I’m learning, pain by pain and tension by tension, that after all my strategies, the strength of love lies in receiving and not negotiating; in accepting each other and not problem solving each other; in listening and affirming each other, not trying to change or fix those we love.

Mark Nepo, The Book of Awakening

Recommended Summer reading 1.

Summer often allows an opportunity for catching up on reading so I will give some suggestions for books in the next week or two.

Over the past few years we have seen mindfulness practice  being applied to specific areas where people  may have difficulties, such as anxiety or depression, or indeed when people struggle with issues such as shyness in public or procrastination.  It is nice to see that  we are also  beginning to find reflections on the even more fundamental issue of the sense of self, or our basic sense of unworthiness, themes which I have covered frequently in some of the posts in this blog.

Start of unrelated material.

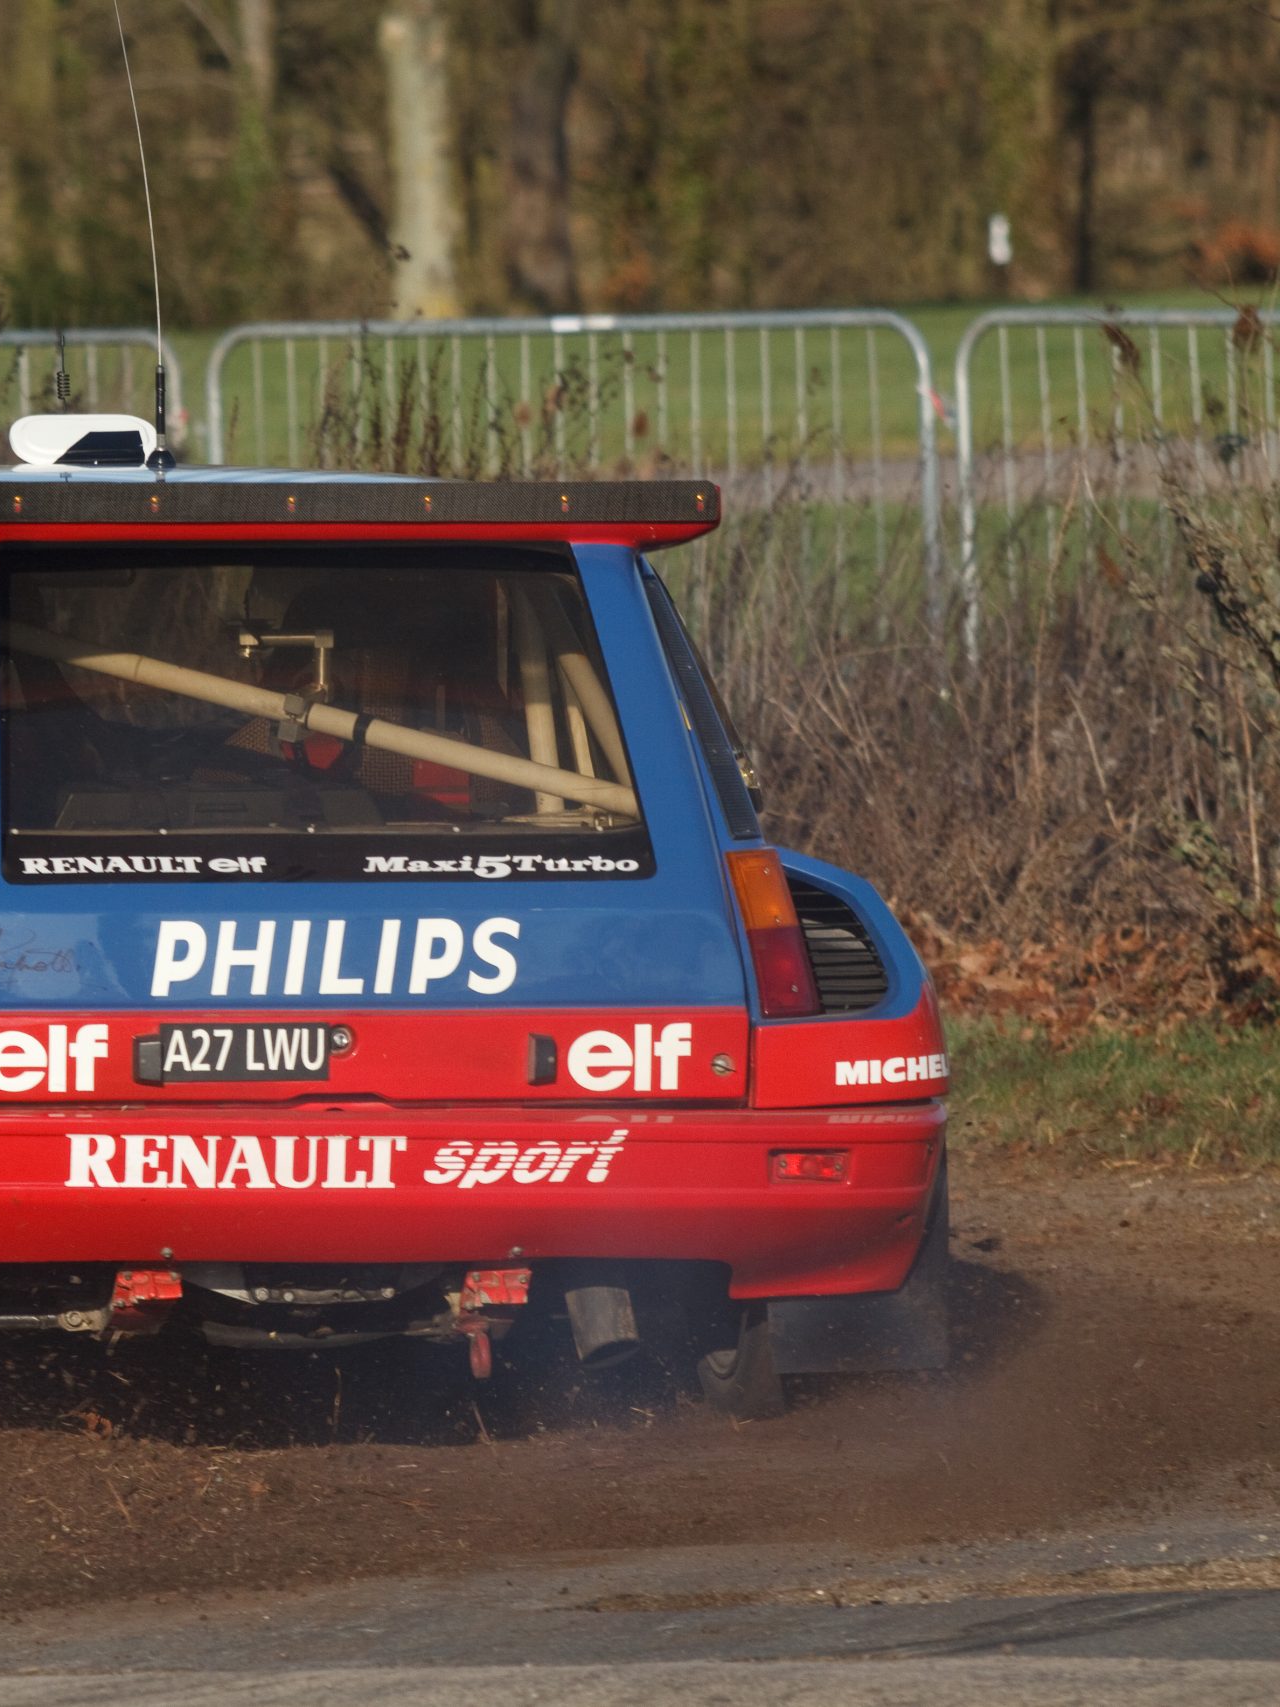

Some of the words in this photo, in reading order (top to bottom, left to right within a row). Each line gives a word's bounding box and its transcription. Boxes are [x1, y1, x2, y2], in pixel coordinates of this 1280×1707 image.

One book which covers these themes, and which I can recommend wholeheartedly,  is entitled Living with your Heart Wide Open, written by two of the most experienced mindfulness teachers in the U.S.,  Steve Flowers and Bob Stahl. A nice title, but,  in fact,  the subtitle reveals more about the material covered,  in a very accessible fashion,  in the chapters: “How Mindfulness and Compassion can free you from unworthiness, inadequacy and shame“.

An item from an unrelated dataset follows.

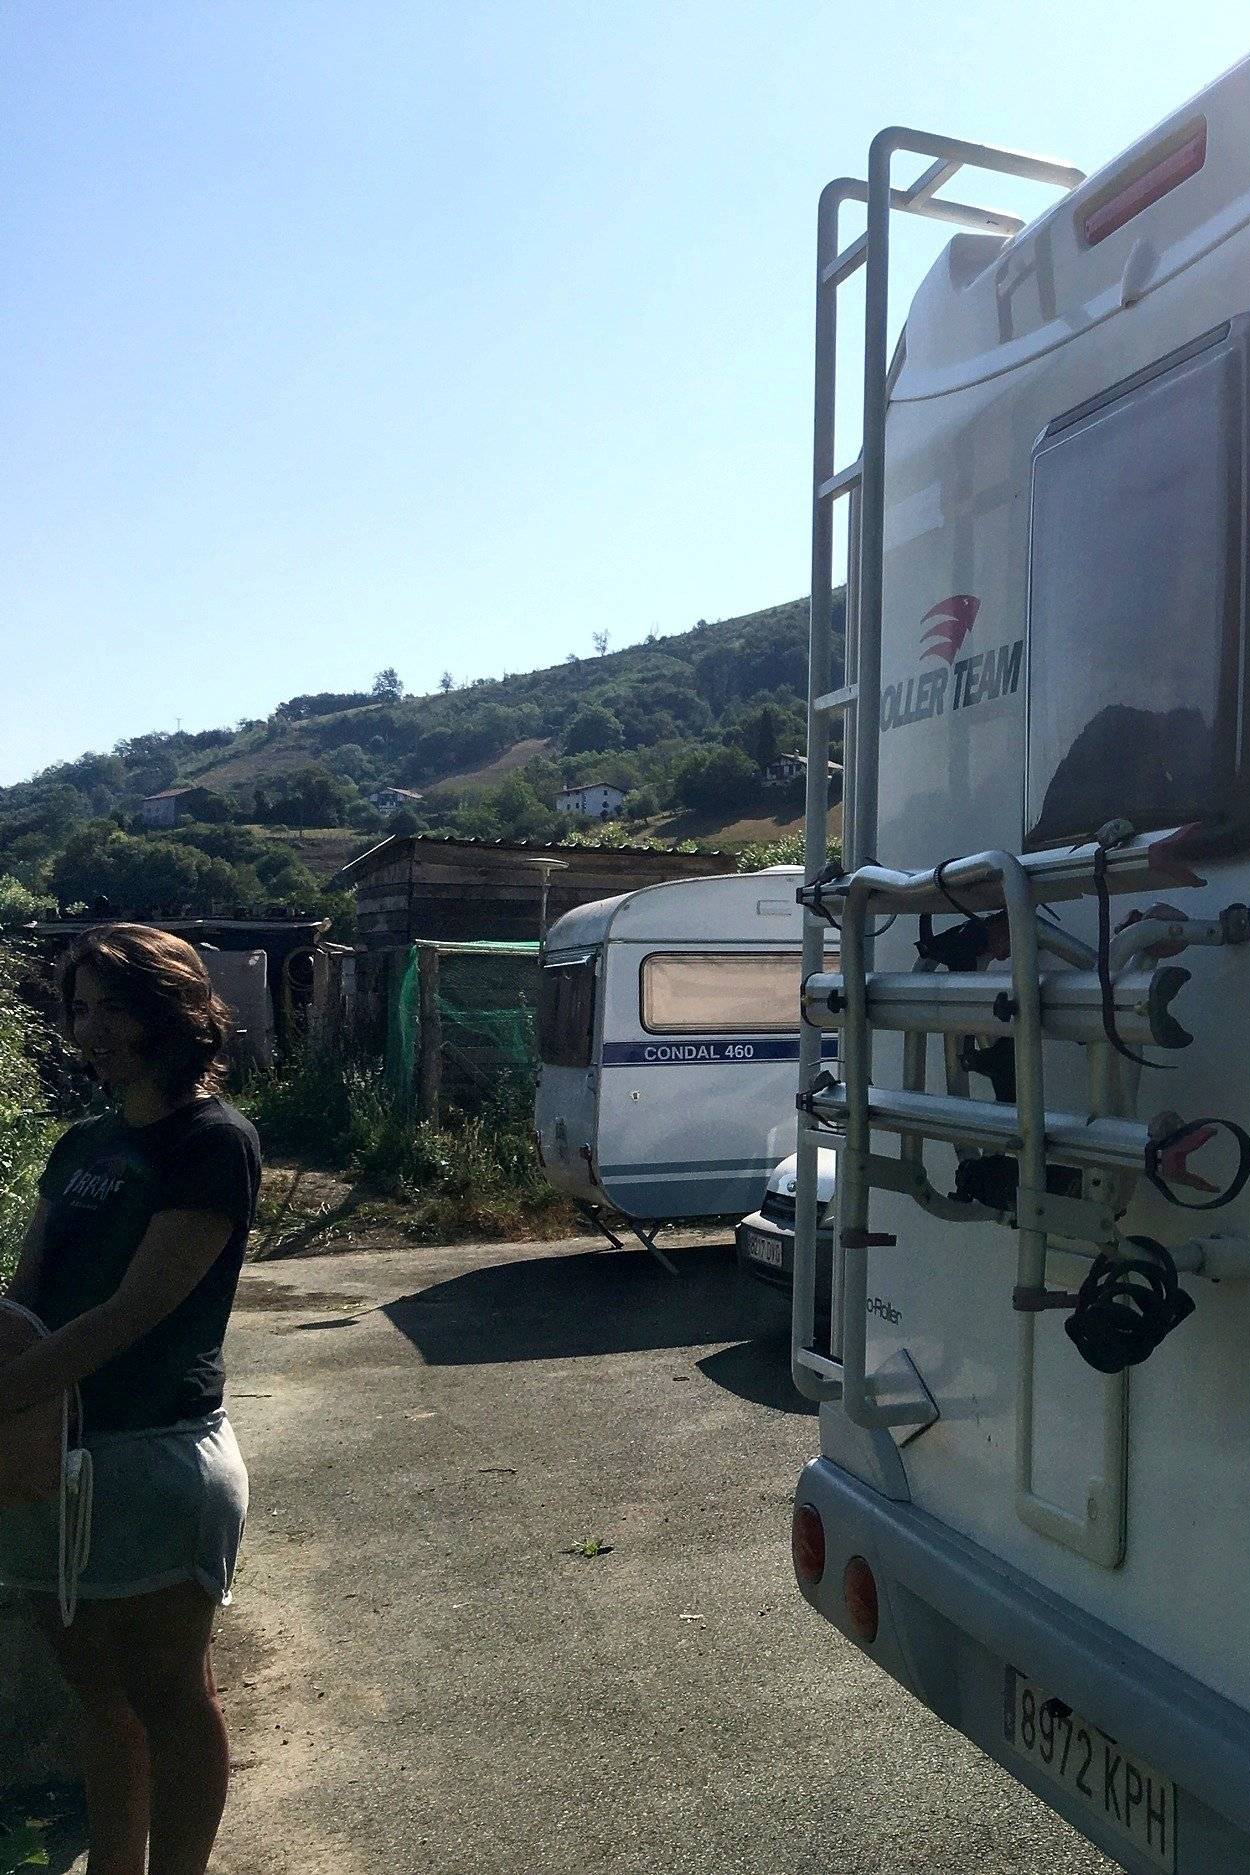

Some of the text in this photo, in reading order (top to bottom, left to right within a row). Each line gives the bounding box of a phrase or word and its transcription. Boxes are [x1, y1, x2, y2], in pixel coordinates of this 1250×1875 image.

[880, 639, 1024, 733] OLLER TEAM
[644, 1044, 754, 1061] CONDAL 460
[866, 1297, 903, 1326] o-Roller
[1021, 1688, 1166, 1855] 8972 KPH

As this subtitle suggests,  the book is concerned with the basic underlying narrative tone which pervades our life, dealing with different aspects in each chapter and applying mindfulness exercises to the themes covered. In other words, it helps us become more aware of the manner in which we talk to ourselves. It looks at the origins of this self-talk in the way our life history has shaped us, but focuses mainly on how it hinders us in our daily lives and leads to ongoing suffering. Although many of the exercises in the book are familiar, using them in a systematic way linked to themes  means that this book  leads readers –  with great kindness –  to reflect on the ingrained thought patterns that keep them trapped in self-judgement,  or criticism,  to potential greater freedom:

This book offers a mindful path to breaking free from these habitual thought patterns. Through meditation and inquiry, you can discover where this negative self-talk came from and why you are so judgmental towards yourself. Addressing this lack of self-compassion is essential. In a sense our very existence is threatened by an endemic of self-loathing. War essentially begins inside the individual, stemming from a sense of alienation and separation from the interconnectedness of life. Making peace within is one of the noblest endeavors you can pursue – for yourself, for others and for the world (p.5).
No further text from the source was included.